Genetic pathways of 'de novo' colorectal carcinomas with reference to fetal-type glycogen phosphorylase positive foci.

'De novo' carcinogenesis has been advocated besides 'adenoma carcinoma sequence' as another dominant pathway leading to the colorectal carcinoma. Our previous study demonstrated that brain (fetal)-type glycogen phosphorylase (BGP) positive foci in the transitional mucosa (BGP foci) have frequent p53 mutations and that the distribution of BGP foci has a close relationship with the location of 'de novo' carcinoma.
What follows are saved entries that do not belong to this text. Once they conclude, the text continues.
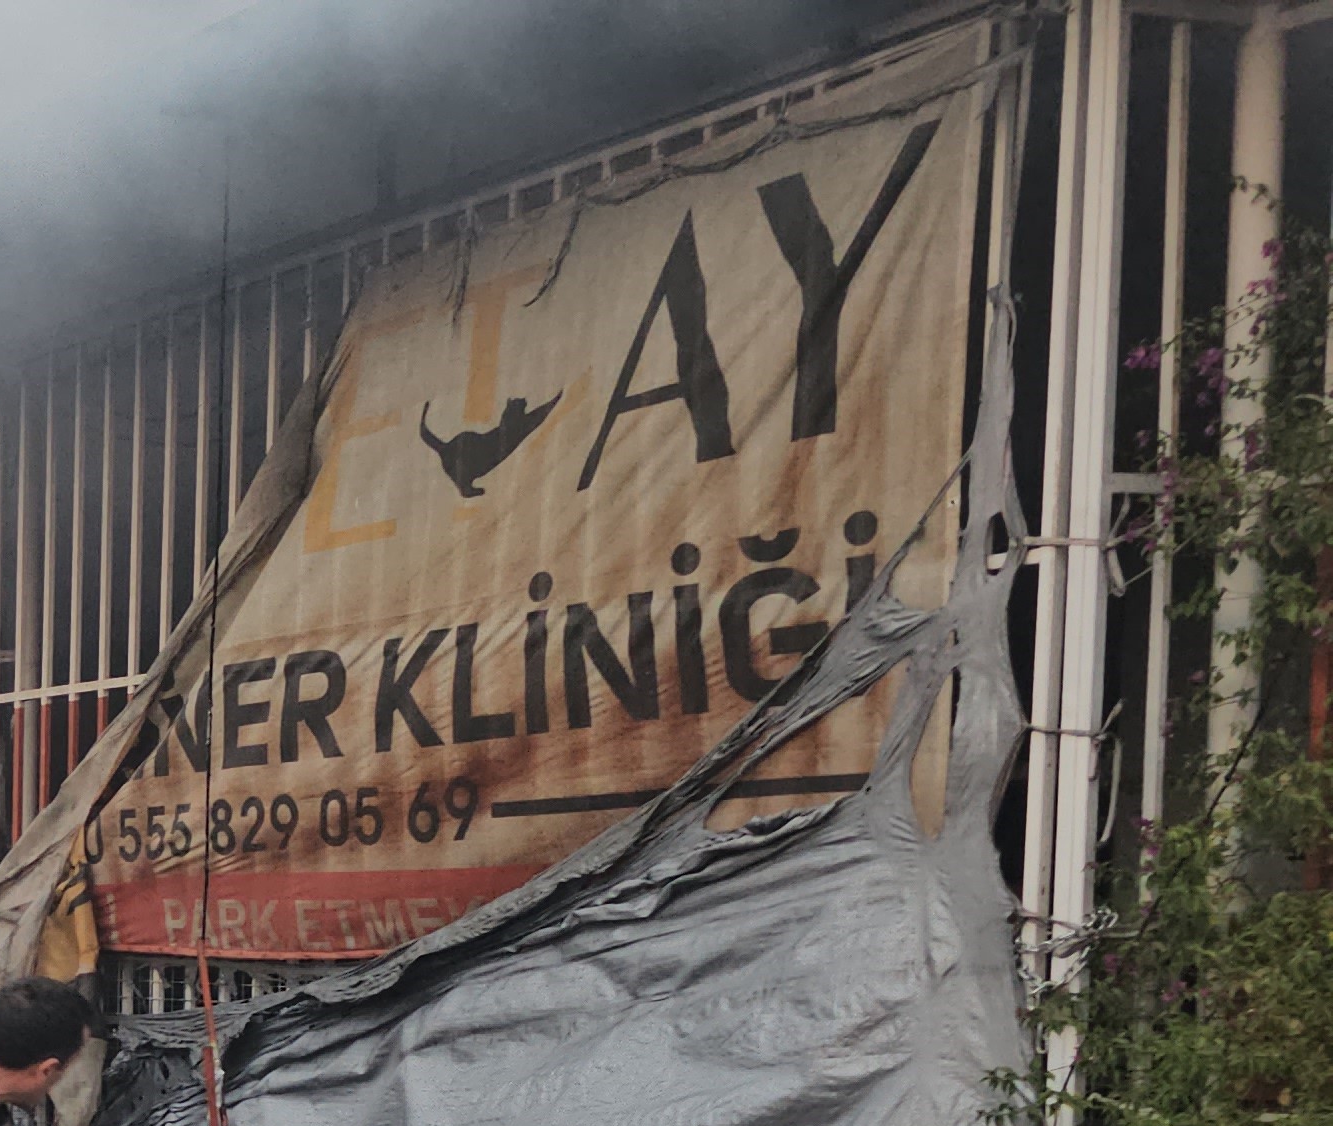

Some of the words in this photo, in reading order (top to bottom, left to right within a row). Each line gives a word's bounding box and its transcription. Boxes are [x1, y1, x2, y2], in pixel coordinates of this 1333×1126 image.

[118, 803, 192, 862] 555
[210, 793, 299, 855] 829
[319, 787, 384, 847] 05
[407, 775, 479, 842] 69
[163, 898, 280, 952] PARK
The aims of the present study were to investigate further genetic alterations in the BGP foci and to clarify the mechanism of 'de novo' carcinogenesis. Twenty-eight colorectal carcinomas with invasion into submucosa or superficial muscularis propria without any adenoma component expressing immunoreactive p53 protein were selected from 168 resected specimens. Investigations of the p53, K-ras and APC mutations was performed in the BGP foci, BGP negative colorectal mucosa and 'de novo' carcinoma using PCR-SSCP and DNA squencing. In all 28 cases, immunoreactive BGP was positive in the carcinomas and the BGP foci were observed sporadically in the mucosa adjacent to the carcinoma. No K-ras mutation was observed in either carcinoma or BGP foci in any of the cases. Mutations of p53 and APC were 14 (50.0%) and 9 (32.1%) in 'de novo' carcinomas, and 11 (39.3%) and 1 (3.6%) in BGP foci, respectively. Both p53 and APC mutations were detected in 8 and 1, p53 mutation alone in 6 and 10, APC mutation alone in 1 and 0 out of 28 carcinomas and BGP positive foci, respectively. These results suggest that the BGP foci may play a very important role in the 'de novo' colorectal carcinogenesis from the frequent genetic alterations of p53, and that there may be two major pathways, i.e., the p53-APC pathway and the p53 alone pathway, from the chain of genetic alterations between BGP foci and 'de novo' carcinoma.